BEGIN

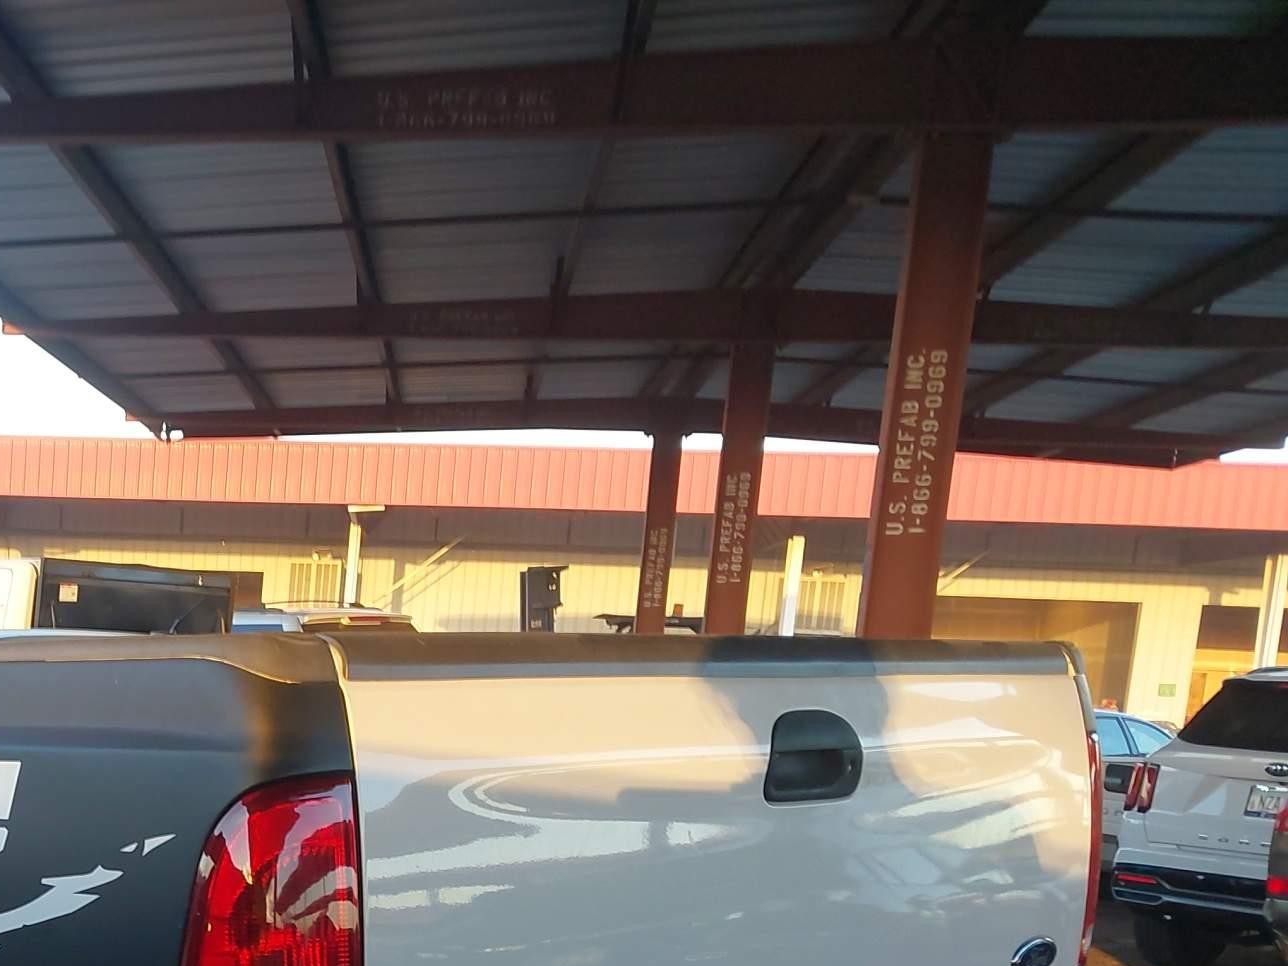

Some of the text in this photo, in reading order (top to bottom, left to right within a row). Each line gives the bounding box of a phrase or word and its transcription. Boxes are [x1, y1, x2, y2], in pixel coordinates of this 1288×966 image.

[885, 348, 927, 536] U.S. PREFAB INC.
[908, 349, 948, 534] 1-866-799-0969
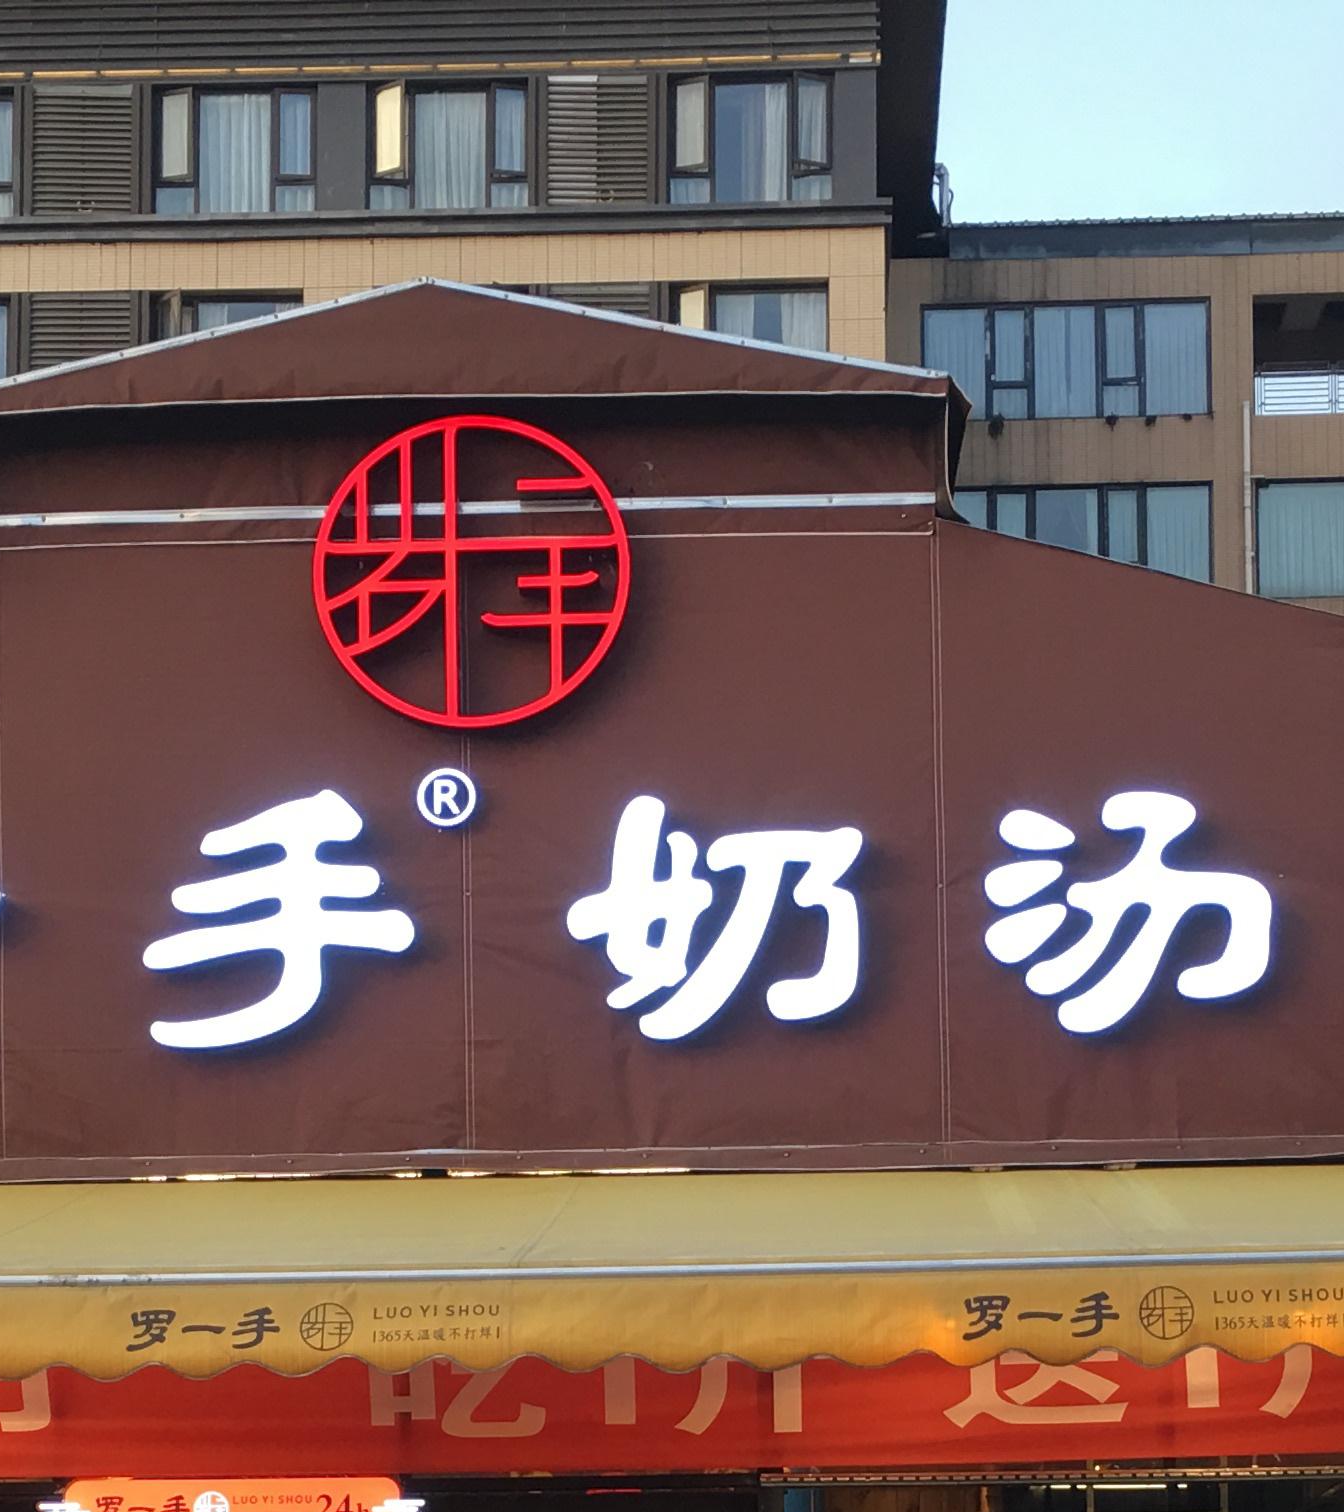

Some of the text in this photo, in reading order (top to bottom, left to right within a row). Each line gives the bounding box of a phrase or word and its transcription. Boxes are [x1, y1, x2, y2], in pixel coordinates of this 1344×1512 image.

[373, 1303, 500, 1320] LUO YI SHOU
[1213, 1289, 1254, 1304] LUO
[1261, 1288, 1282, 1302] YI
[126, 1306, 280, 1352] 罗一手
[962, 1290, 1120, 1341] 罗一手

END

Nothing but the records above, exact and without pictures, should appear in the answer.

▶ RESULT BELOW:
Some of the text in this photo, in reading order (top to bottom, left to right within a row). Each line gives the bounding box of a phrase or word and its transcription. Boxes are [x1, y1, x2, y2], in pixel coordinates of this 1288×966 image.

[885, 348, 927, 536] U.S. PREFAB INC.
[908, 349, 948, 534] 1-866-799-0969

Some of the text in this photo, in reading order (top to bottom, left to right within a row). Each line gives the bounding box of a phrase or word and its transcription. Boxes are [x1, y1, x2, y2], in pixel coordinates of this 1344×1512 image.

[373, 1303, 500, 1320] LUO YI SHOU
[1213, 1289, 1254, 1304] LUO
[1261, 1288, 1282, 1302] YI
[126, 1306, 280, 1352] 罗一手
[962, 1290, 1120, 1341] 罗一手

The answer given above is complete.